STEVE INSKEEP, HOST:

People are drawn to stories. That's how we make sense of the world, including horrible events in the world. As novelists know, what really makes a story is why things happen. It's not just that events take place in a certain order. We want to know why they did. If a tornado strikes a town, we wonder why some houses fell and others did not. And after a gunman opened fire at a high school in Florida last week, we naturally asked why he would do that. Dr. William Reid knows how hard it is to answer that question. He is a forensic psychiatrist who spent more than 20 hours interviewing James Holmes, the man who killed 12 people at a theater in Aurora, Colo., in 2012.

After all of that time spent with Holmes and all of that time spent exploring the written and otherwise record of his past, did you feel you understood why he did what he did?

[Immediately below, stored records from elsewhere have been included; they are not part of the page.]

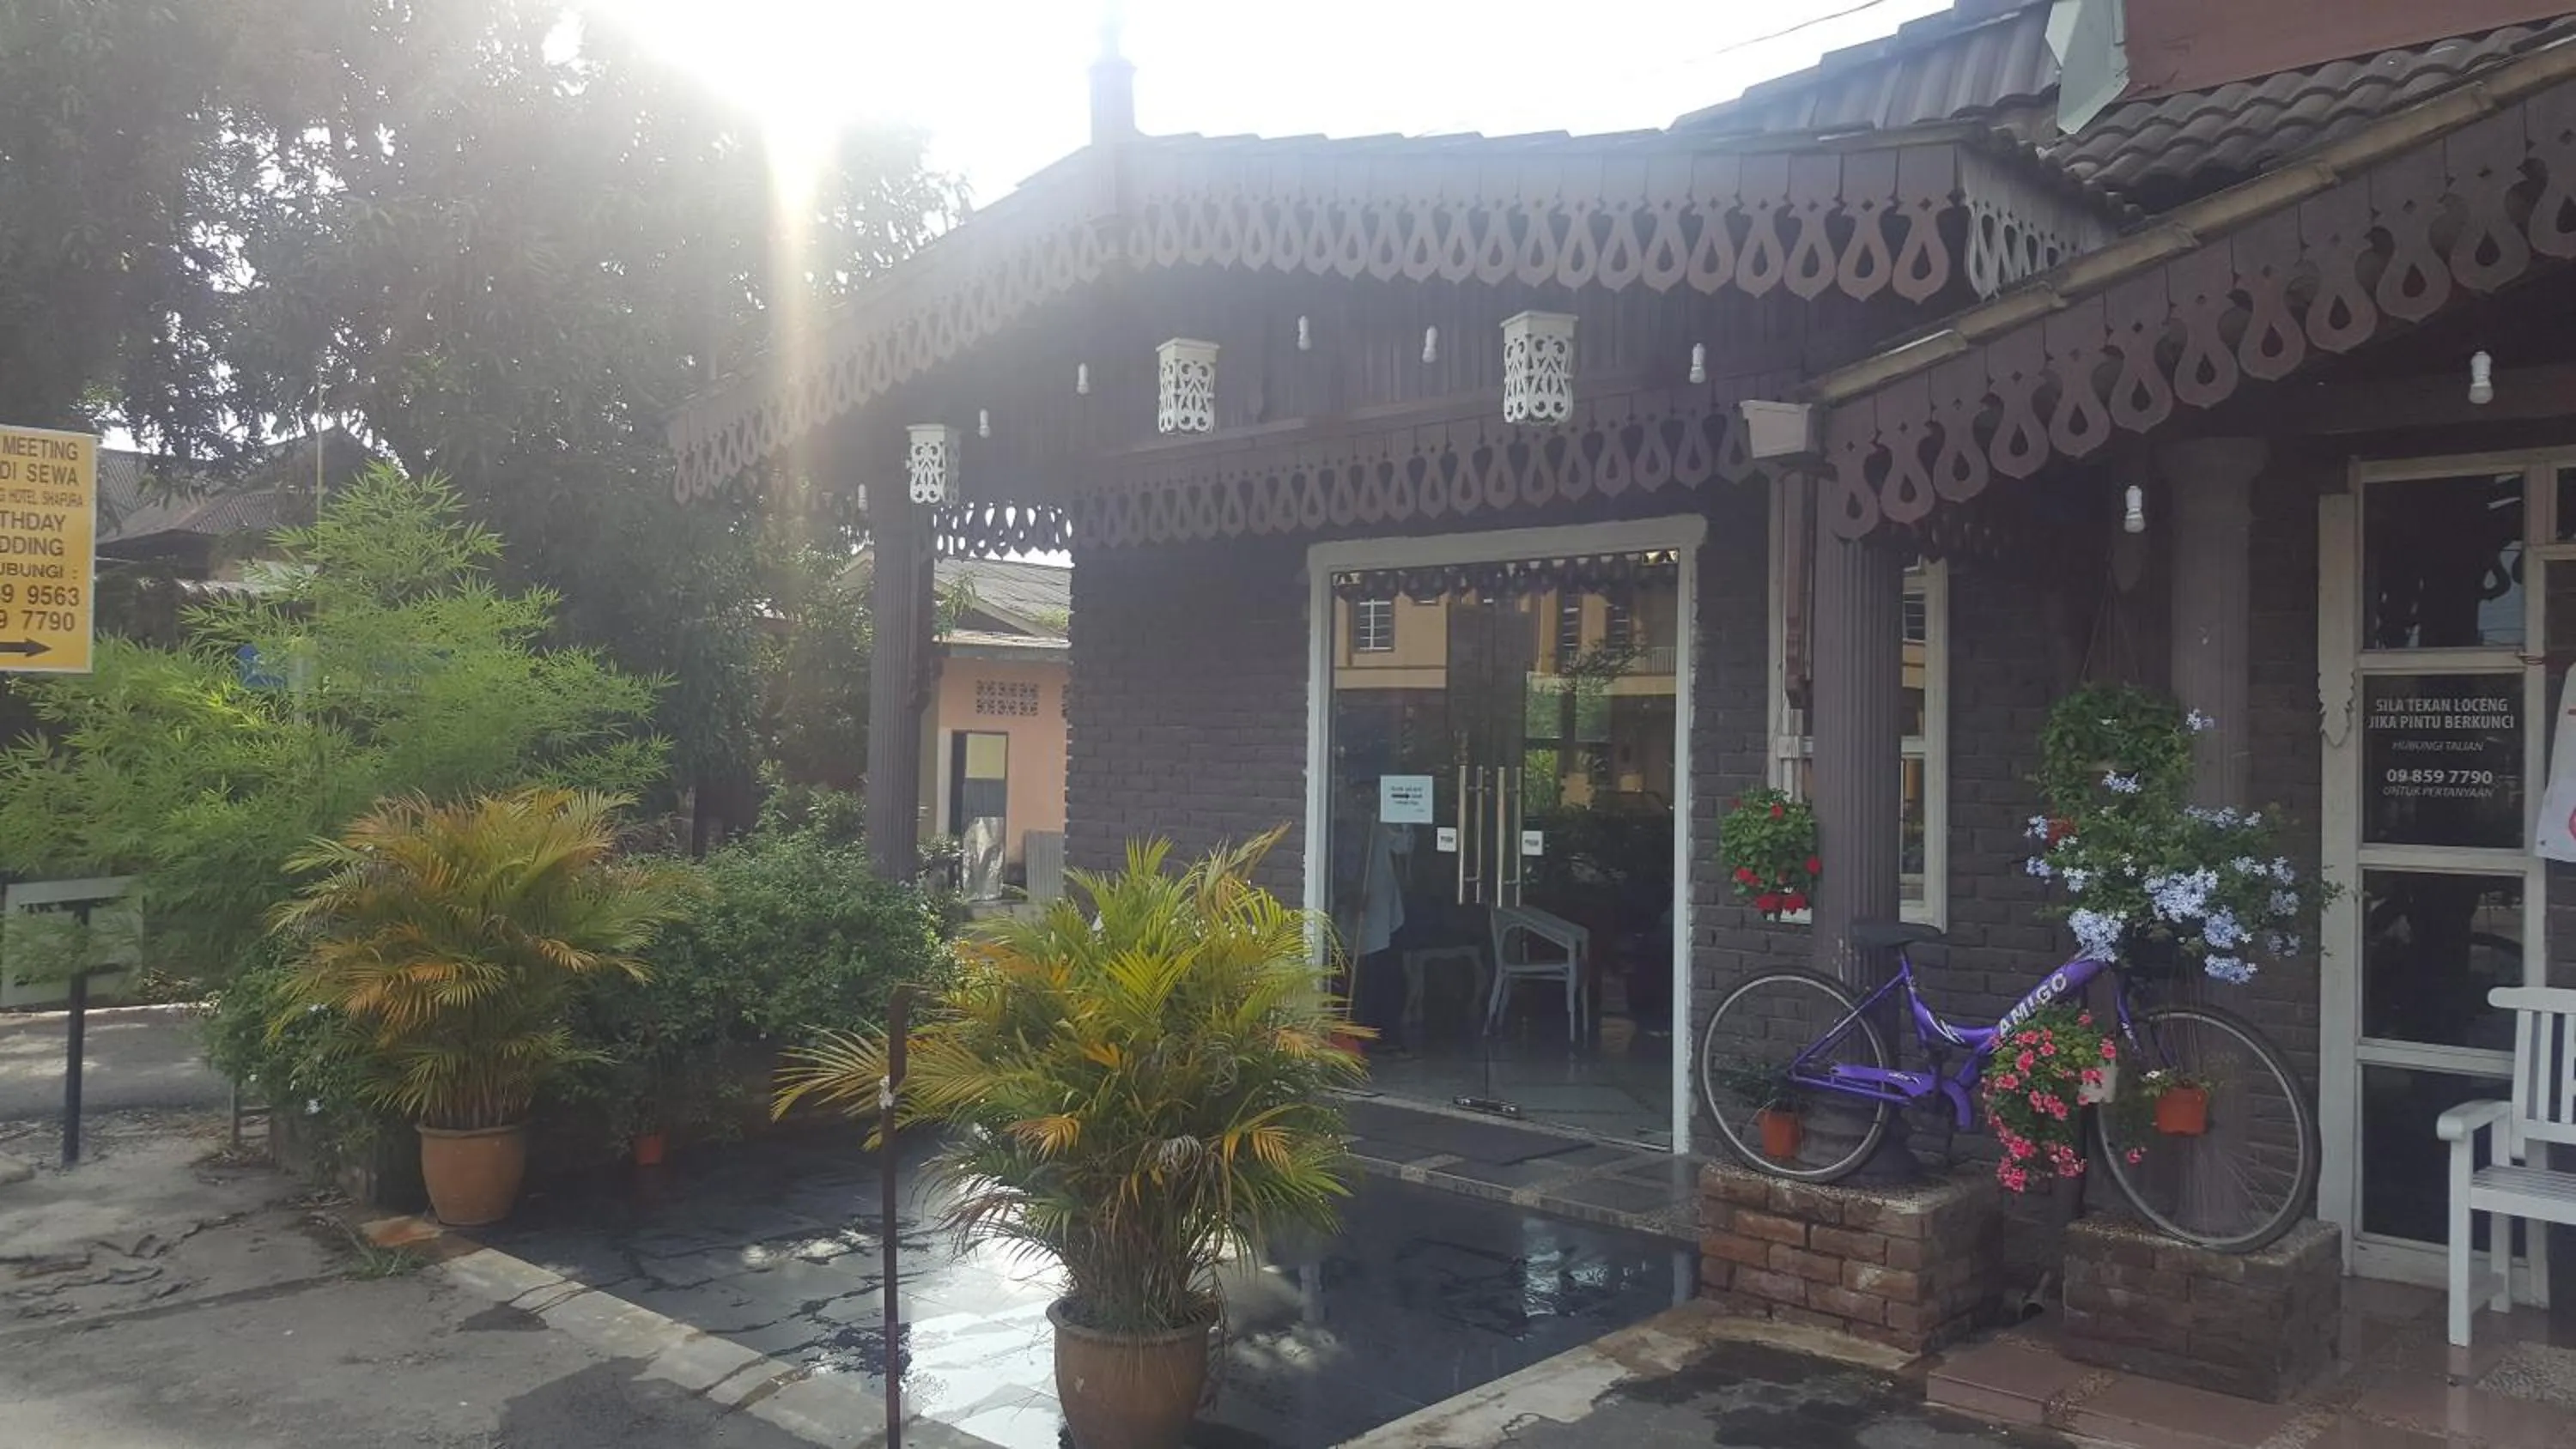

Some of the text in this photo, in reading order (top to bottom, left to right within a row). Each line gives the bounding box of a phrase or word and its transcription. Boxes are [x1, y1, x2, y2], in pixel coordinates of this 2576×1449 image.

[3, 435, 78, 461] MEETING
[27, 463, 80, 487] SEWA
[0, 510, 66, 533] THDAY
[0, 535, 64, 557] DDING
[27, 585, 81, 607] 9563
[21, 609, 76, 633] 7790
[2375, 698, 2509, 712] SILA TEKAN LOCENG
[2368, 715, 2515, 730] JIKA PINTU BERKUNCI
[2448, 770, 2493, 785] 7790
[1999, 972, 2068, 1039] AMIGO

WILLIAM REID: Neither I nor anyone else understands the true why. We try very much to come to some resolution in our minds, something that helps us settle the why. But the actual why, really, in my view, can never be known. Folks talk about whys in terms of - and I'm speaking of Holmes now - a girlfriend breakup, wanting to have a legacy, or some government conspiracy, or the medication made him do it or evil made him do it. Those may be satisfying for those people to consider, but they don't really tell us why, and they don't help us with prediction or prevention very much.

INSKEEP: I think I'm beginning to understand what you're saying. Many people break up with a girlfriend and don't shoot up a movie theater or whatever. Many people have mental illness and never pose a threat to anyone. That's part of the problem here, isn't it?

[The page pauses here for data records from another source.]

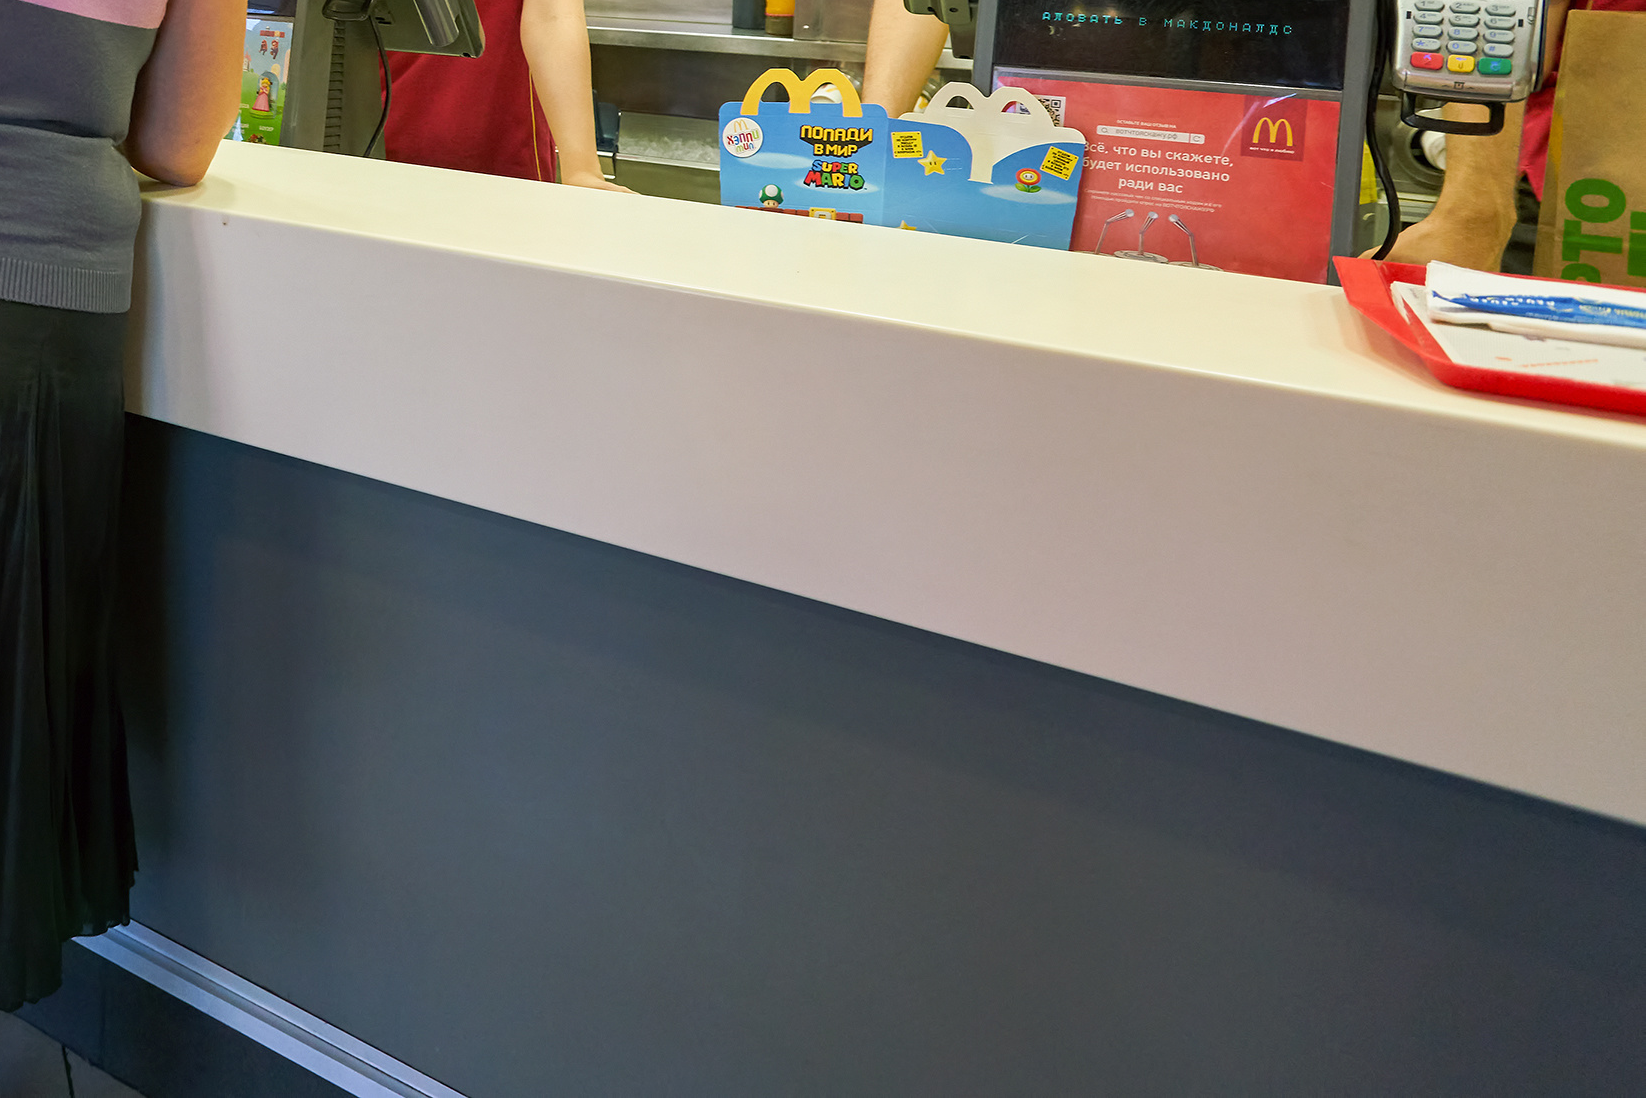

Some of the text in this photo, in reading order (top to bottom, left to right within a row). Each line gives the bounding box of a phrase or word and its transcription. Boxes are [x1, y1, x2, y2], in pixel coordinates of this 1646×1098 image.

[1041, 11, 1293, 36] АЛОВАТЬ В МАКДОНАЛДС
[800, 125, 874, 142] ПОПАДИ
[814, 143, 858, 157] В МИР
[1113, 145, 1137, 156] что
[1141, 149, 1161, 159] вы
[1165, 151, 1234, 168] скажете,
[812, 159, 859, 174] SUPER
[1082, 157, 1121, 172] будет
[1125, 163, 1230, 182] использовано
[803, 170, 867, 191] MARIO
[1118, 178, 1183, 194] ради вас

REID: You're exactly right. There is nothing that I've just mentioned that makes people or is reliably associated with people killing others. If I might talk about mental illness just a little bit - the mental illness is not very important in our preventing or predicting violence. Violent crime is very unusual in mentally ill people. After the fact, we see that some of the people who commit crimes like this are seriously mentally ill, but the assessment of that and the generalization of it to other mentally ill people is clouded by our social outrage and our finger-pointing. I am far more worried about substance abusers, and jealous husbands and ordinary crooks than I am about the mentally ill in terms of violence for myself or my family or my friends.

INSKEEP: Another question that has come up in this debate is whether this particular shooting could've been prevented because we have a young man who seems to have sent off many, many warning signs, and the FBI has acknowledged it did not follow its own protocols after being given some information. But it does raise a larger question. Do you think that someone about to commit a terrible act can typically be found out if just enough information was known?

REID: My view is, probably not, but when warning signs are discovered, then they should be reported and followed up as is appropriate for that situation. Holmes, for example, to get back to that - there was no reasonable way, in my opinion, that the shootings in the Aurora cinema could've been predicted or pinpointed. He spoke about his impulse to kill with mental health professionals, although in his words, he didn't tell them enough so that he would be locked up. Could things have been done differently? Sure. But looking for ways to monitor everyone so well that we always see the warning signs - A, I'm not sure we can do that, and B, I'm not sure that people here in the U.S. want to live in that kind of society. Again, those things are not up to me. I'm just a humble forensic psychiatrist.

INSKEEP: Dr. William Reid, thanks very much.

REID: Thank you, Steve.

INSKEEP: He interviewed James Holmes after the mass shooting in Colorado in 2012. Transcript provided by NPR, Copyright NPR.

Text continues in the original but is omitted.